Collected data -
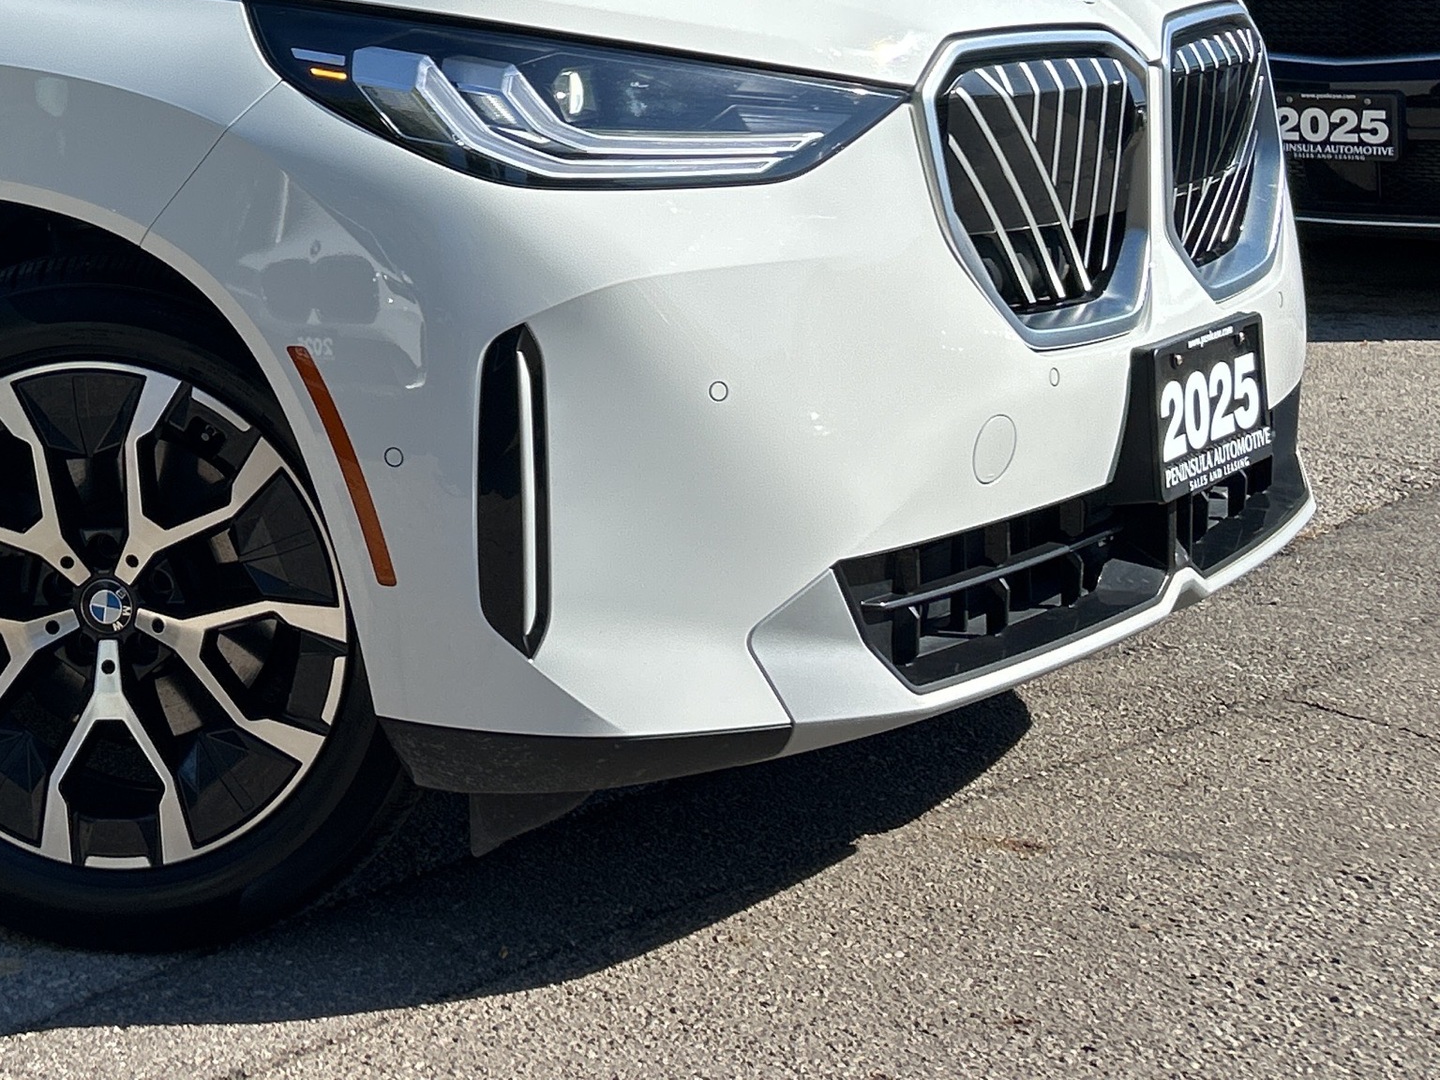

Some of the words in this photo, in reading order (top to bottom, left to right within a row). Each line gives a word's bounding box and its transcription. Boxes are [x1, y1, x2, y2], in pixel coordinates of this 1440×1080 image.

[1277, 107, 1389, 144] 2025
[1324, 144, 1394, 156] AUTOMOTIVE
[1161, 352, 1259, 462] 2025
[1165, 451, 1213, 488] PENINSULA
[1214, 427, 1272, 466] AUTOMOTIVE
[1189, 474, 1208, 491] SALES
[1209, 469, 1222, 482] AND
[1223, 456, 1250, 475] LEASING
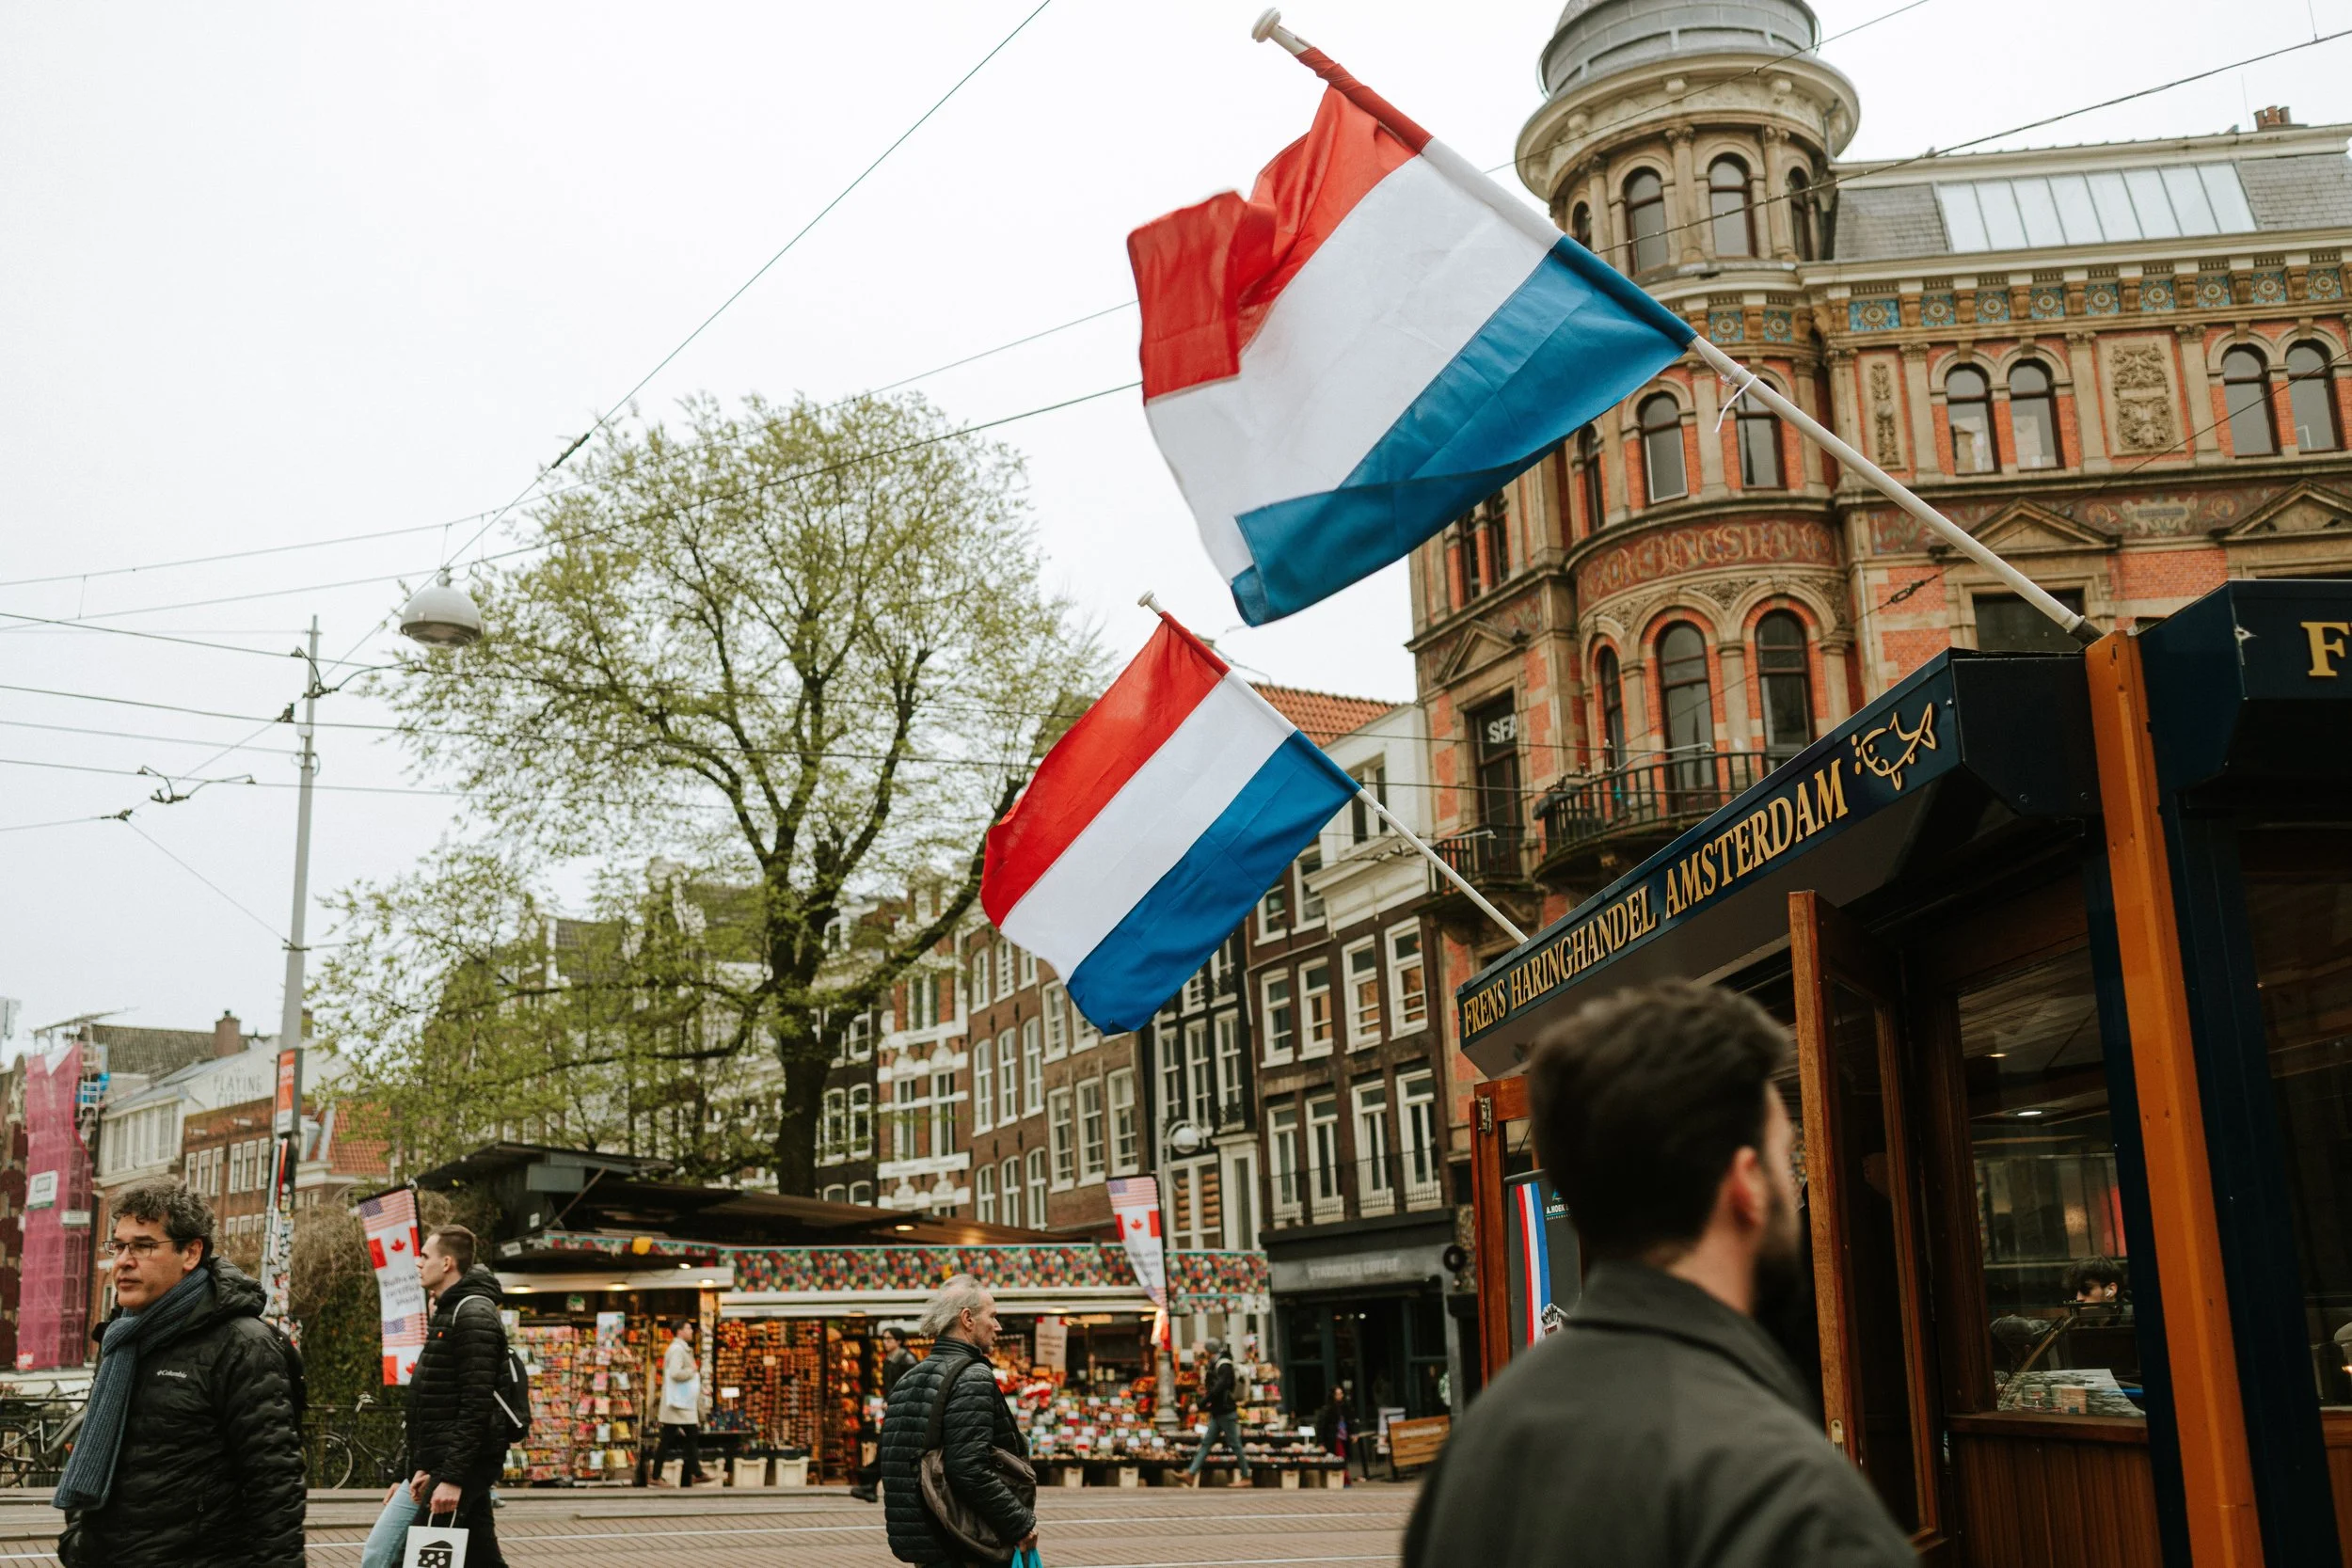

Work item -
A word-for-word copy of the entries above is what is needed, without any images.

Expected answer -
Some of the words in this photo, in reading order (top to bottom, left to right within a row). Each line gives a word's bounding box and its transcription. Boxes are [x1, y1, x2, y2], in pixel coordinates of this 1440×1080 image.

[1277, 107, 1389, 144] 2025
[1324, 144, 1394, 156] AUTOMOTIVE
[1161, 352, 1259, 462] 2025
[1165, 451, 1213, 488] PENINSULA
[1214, 427, 1272, 466] AUTOMOTIVE
[1189, 474, 1208, 491] SALES
[1209, 469, 1222, 482] AND
[1223, 456, 1250, 475] LEASING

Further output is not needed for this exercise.